◆ Task statement:
What you hand back must match the records word for word, with no pictures.

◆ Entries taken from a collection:
━━━━━━━━

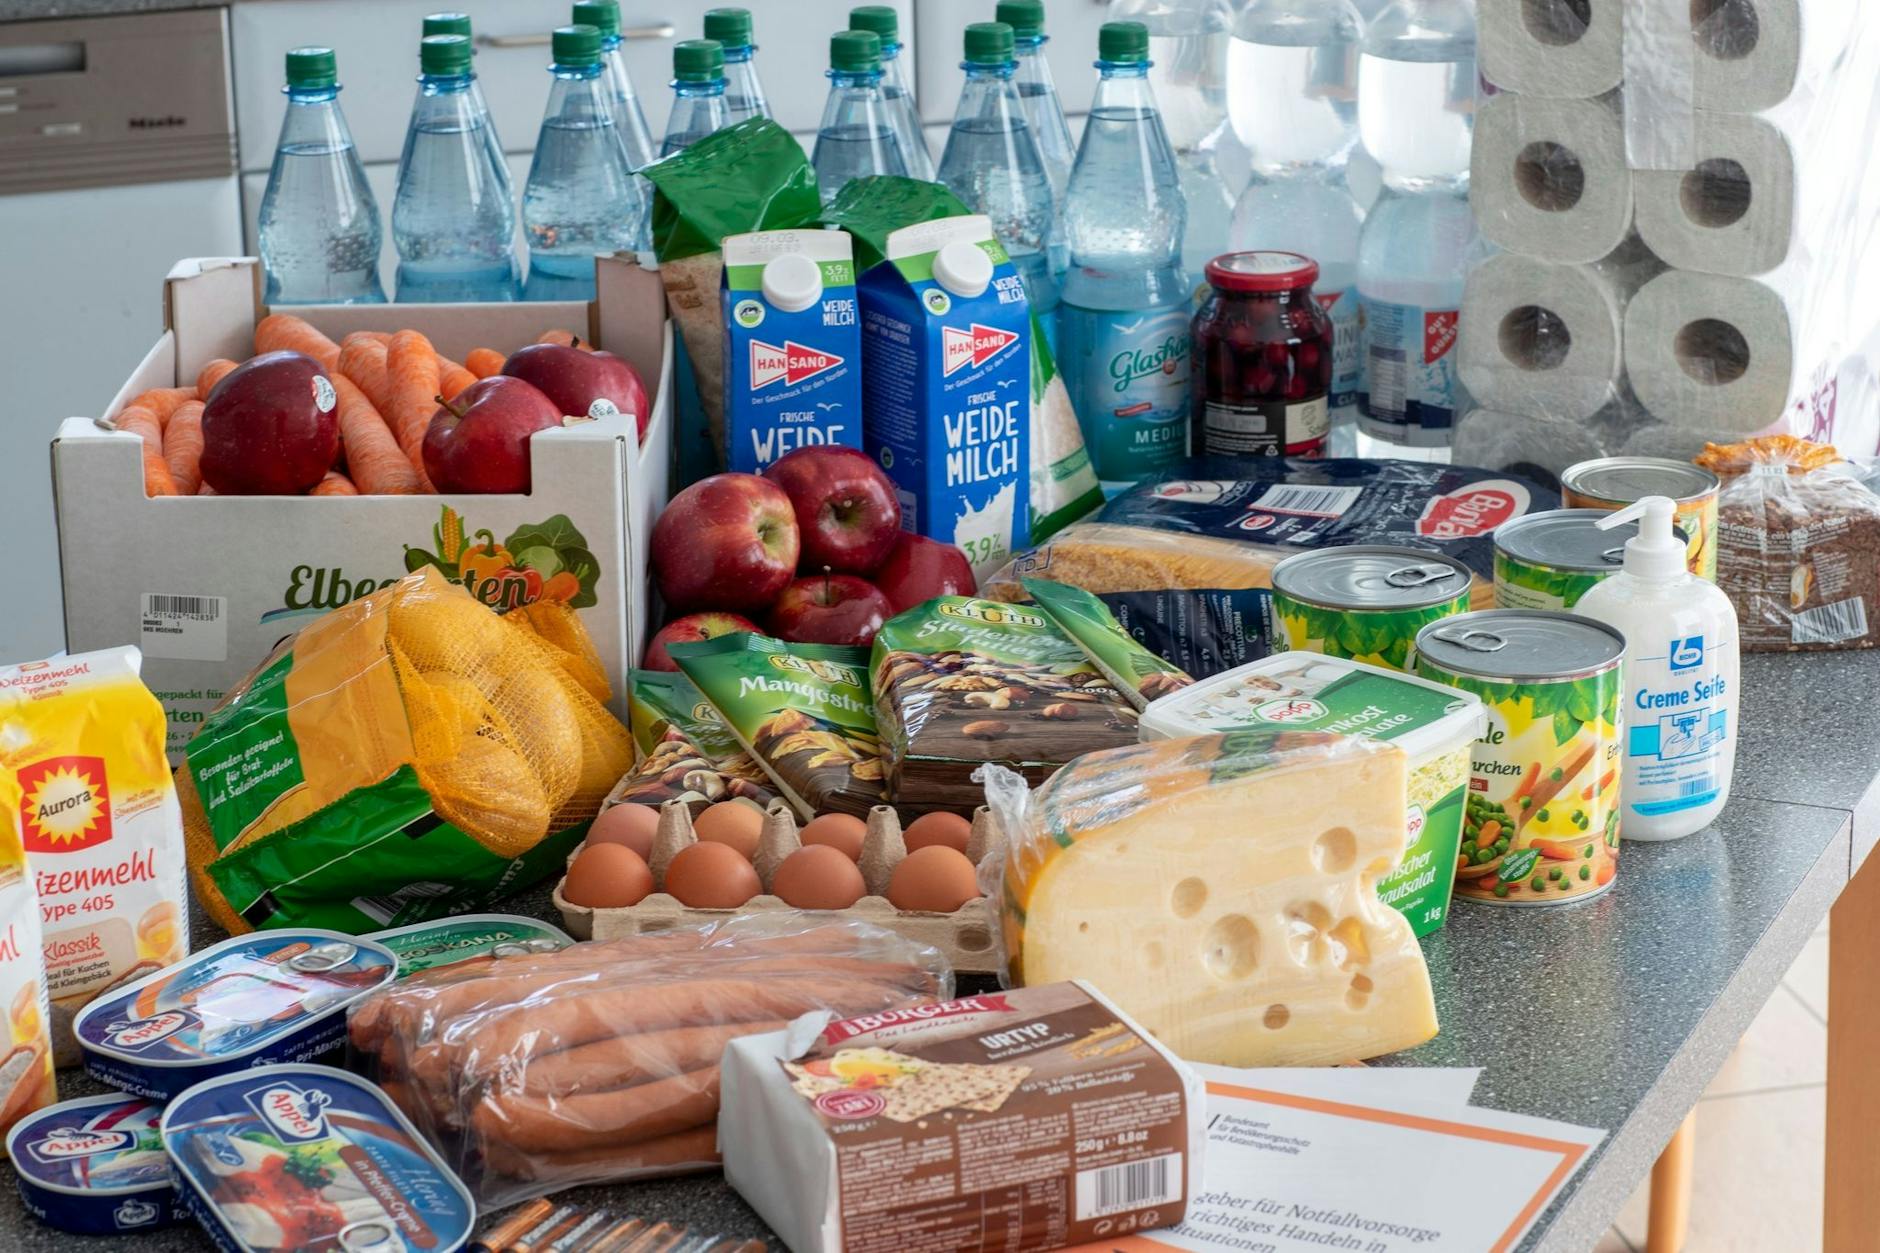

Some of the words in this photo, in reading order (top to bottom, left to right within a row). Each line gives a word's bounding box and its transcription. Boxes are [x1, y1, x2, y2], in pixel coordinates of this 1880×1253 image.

[991, 275, 1022, 292] WEIDE
[822, 299, 855, 313] WEIDE
[997, 287, 1026, 305] MILCH
[822, 311, 855, 327] MILCH
[967, 390, 997, 406] FRISCHE
[780, 411, 816, 423] FRISCHE
[943, 400, 1020, 449] WEIDE
[946, 437, 1018, 488] MILCH
[947, 604, 1040, 626] KLUTH
[916, 618, 1067, 650] Studenten
[780, 655, 857, 685] KLUTH
[48, 679, 69, 687] 405
[1635, 688, 1689, 710] Creme
[1694, 674, 1727, 702] Seife
[206, 689, 224, 700] für
[1268, 699, 1313, 722] popp
[1475, 721, 1505, 745] le
[37, 789, 92, 821] Aurora
[81, 894, 115, 913] 405
[60, 969, 113, 989] Kleingebäck
[62, 967, 76, 979] für
[77, 960, 110, 974] Kuchen
[855, 998, 989, 1033] BURGER
[121, 1013, 181, 1045] Appel
[979, 1022, 1051, 1051] URTYP
[270, 1092, 318, 1136] Appel
[1222, 1114, 1271, 1130] Bundesamt
[47, 1135, 122, 1153] Appel
[353, 1159, 370, 1179] in
[1192, 1191, 1252, 1211] geber
[1252, 1197, 1286, 1218] für
[1285, 1203, 1442, 1244] Notfallvorsorge
[1190, 1211, 1276, 1238] richtiges
[1276, 1223, 1364, 1253] Handeln
[1365, 1240, 1388, 1253] in

━━━━━━━━

◆ Exercise response:
Some of the words in this photo, in reading order (top to bottom, left to right within a row). Each line gives a word's bounding box and its transcription. Boxes are [x1, y1, x2, y2], in pixel coordinates of this 1880×1253 image.

[991, 275, 1022, 292] WEIDE
[822, 299, 855, 313] WEIDE
[997, 287, 1026, 305] MILCH
[822, 311, 855, 327] MILCH
[967, 390, 997, 406] FRISCHE
[780, 411, 816, 423] FRISCHE
[943, 400, 1020, 449] WEIDE
[946, 437, 1018, 488] MILCH
[947, 604, 1040, 626] KLUTH
[916, 618, 1067, 650] Studenten
[780, 655, 857, 685] KLUTH
[48, 679, 69, 687] 405
[1635, 688, 1689, 710] Creme
[1694, 674, 1727, 702] Seife
[206, 689, 224, 700] für
[1268, 699, 1313, 722] popp
[1475, 721, 1505, 745] le
[37, 789, 92, 821] Aurora
[81, 894, 115, 913] 405
[60, 969, 113, 989] Kleingebäck
[62, 967, 76, 979] für
[77, 960, 110, 974] Kuchen
[855, 998, 989, 1033] BURGER
[121, 1013, 181, 1045] Appel
[979, 1022, 1051, 1051] URTYP
[270, 1092, 318, 1136] Appel
[1222, 1114, 1271, 1130] Bundesamt
[47, 1135, 122, 1153] Appel
[353, 1159, 370, 1179] in
[1192, 1191, 1252, 1211] geber
[1252, 1197, 1286, 1218] für
[1285, 1203, 1442, 1244] Notfallvorsorge
[1190, 1211, 1276, 1238] richtiges
[1276, 1223, 1364, 1253] Handeln
[1365, 1240, 1388, 1253] in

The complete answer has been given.